The Efficiency of Respiratory-gated 18F-FDG PET/CT in Lung Adenocarcinoma: Amplitude-gating Versus Phase-gating Methods

Document Type: Original Article

Authors

1 Department of Clinical Radiology, Kyushu University Hospital, Fukuoka, Japan

2 Department of Clinical Radiology, Graduate School of Medical Sciences, Kyushu University, Fukuoka, Japan

3 Department of Molecular Imaging and Diagnosis, Graduate School of Medical Sciences, Kyushu University, Fukuoka, Japan

4 Division of Radiology, Department of Medical Technology, Kyushu University Hospital, Fukuoka, Japan

5 Department of Health Sciences, Graduate School of Medical Sciences, Kyushu University, Fukuoka, Japan

Abstract

Objective(s): In positron emission tomography (PET) studies, thoracic movement under free-breathing conditions is a cause of image degradation. Respiratory gating (RG) is commonly used to solve this problem. Two different methods, i.e., phase-gating (PG) and amplitude-gating (AG) PET, are available for respiratory gating. It is important to know the strengths and weaknesses of both methods when selecting an RG method
for a given patient. We conducted this study to clarify whether AG or PG is preferable for measuring fluorodeoxyglucose (FDG) accumulation in lung adenocarcinoma and to investigate patient conditions which are most suitable for AG and PG methods.
Methods: A total of 31 patients (11 males, 20 females; average age: 11.6±70.1 yrs) with 44 lung lesions, diagnosed as lung adenocarcinoma between April 2012 and March 2013, were investigated.
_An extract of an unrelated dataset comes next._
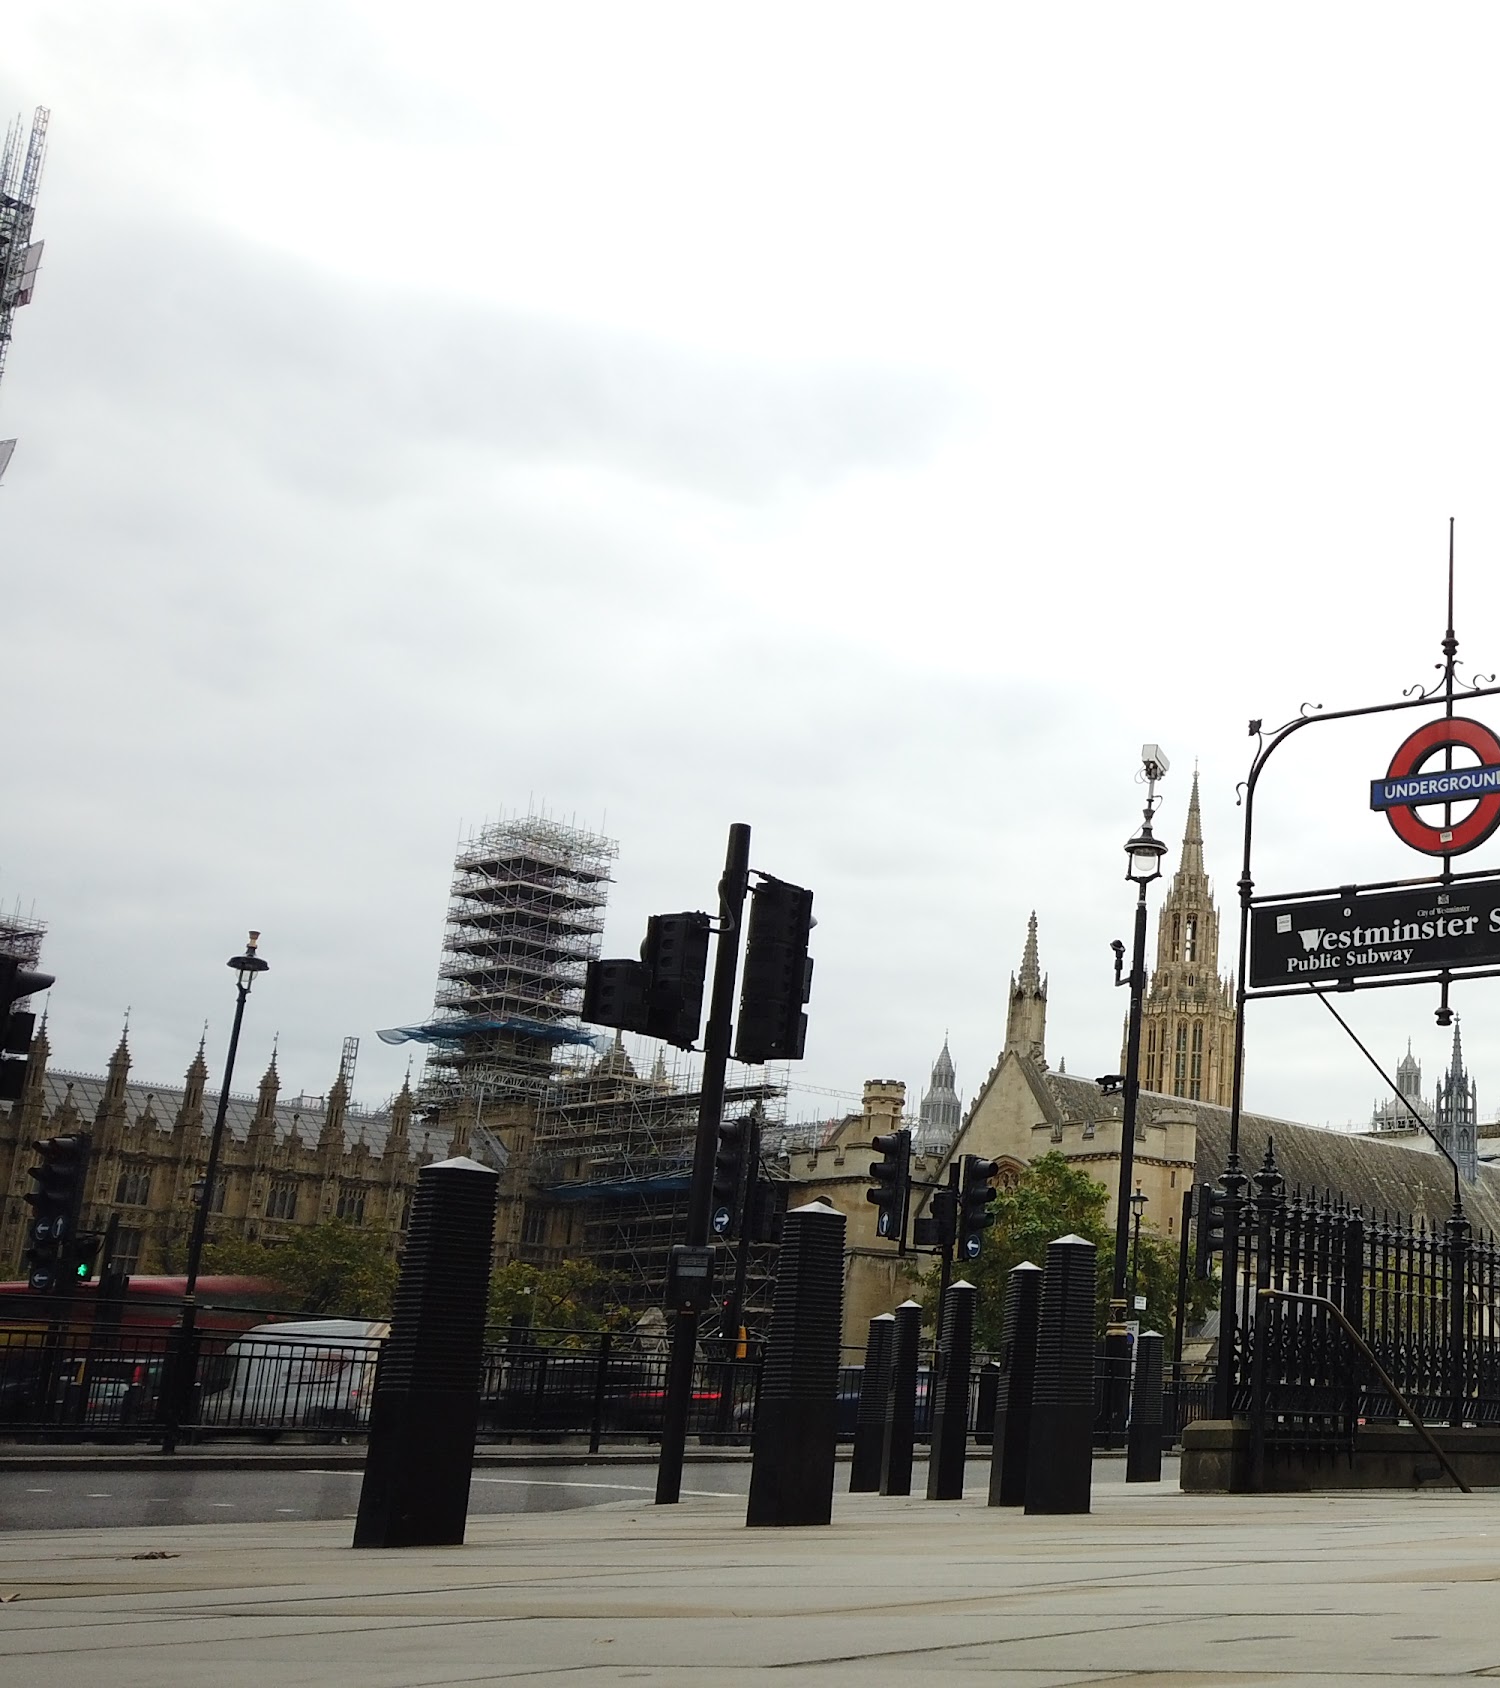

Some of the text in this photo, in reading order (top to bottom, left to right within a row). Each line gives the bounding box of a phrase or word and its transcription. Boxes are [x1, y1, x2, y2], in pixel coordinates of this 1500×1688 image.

Whole-body FDG-PET/CT scan was performed with both PG and AG methods in all patients. The maximum standardized uptake value (SUVmax) of PG, AG, and the control data of these two methods were measured, and the increase ratio (IR), calculated as IR(%)= (Post – Pre)/Pre × 100, was calculated. The diameter and position
of lung lesions were also analyzed. We defined an ‘effective lesion’ of PG (or AG) as a lesion which showed a higher IR compared to AG (or PG). 8 (25.8%)
Results: The average SUVmax and average IR were 7.94±8.99 and 25.6±21.4% in PG and 6.70±7.60 and 14.4±4.0% in AG, respectively. Although there was no significant difference between the average SUVmax of PG and AG (P=0.09), the average IR of PG was significantly higher than that of AG (P<0.01). The number of PG- and AG-effective lesions was 32 (72.7%) and 12 (28.3%) , respectively. There was no significant difference in the average diameter or position of the lesions between the PG- and AG-effective lesions.There were 23 (74.2%) PG-effective and 8 (25.8%) AG-effective patients. No significant difference was observed in sex or age between PG- and AG-effective patients.
Conclusion: The PG method was more effective for measuring FDG accumulation of lung lesions under free-breathing conditions in comparison with the AG method.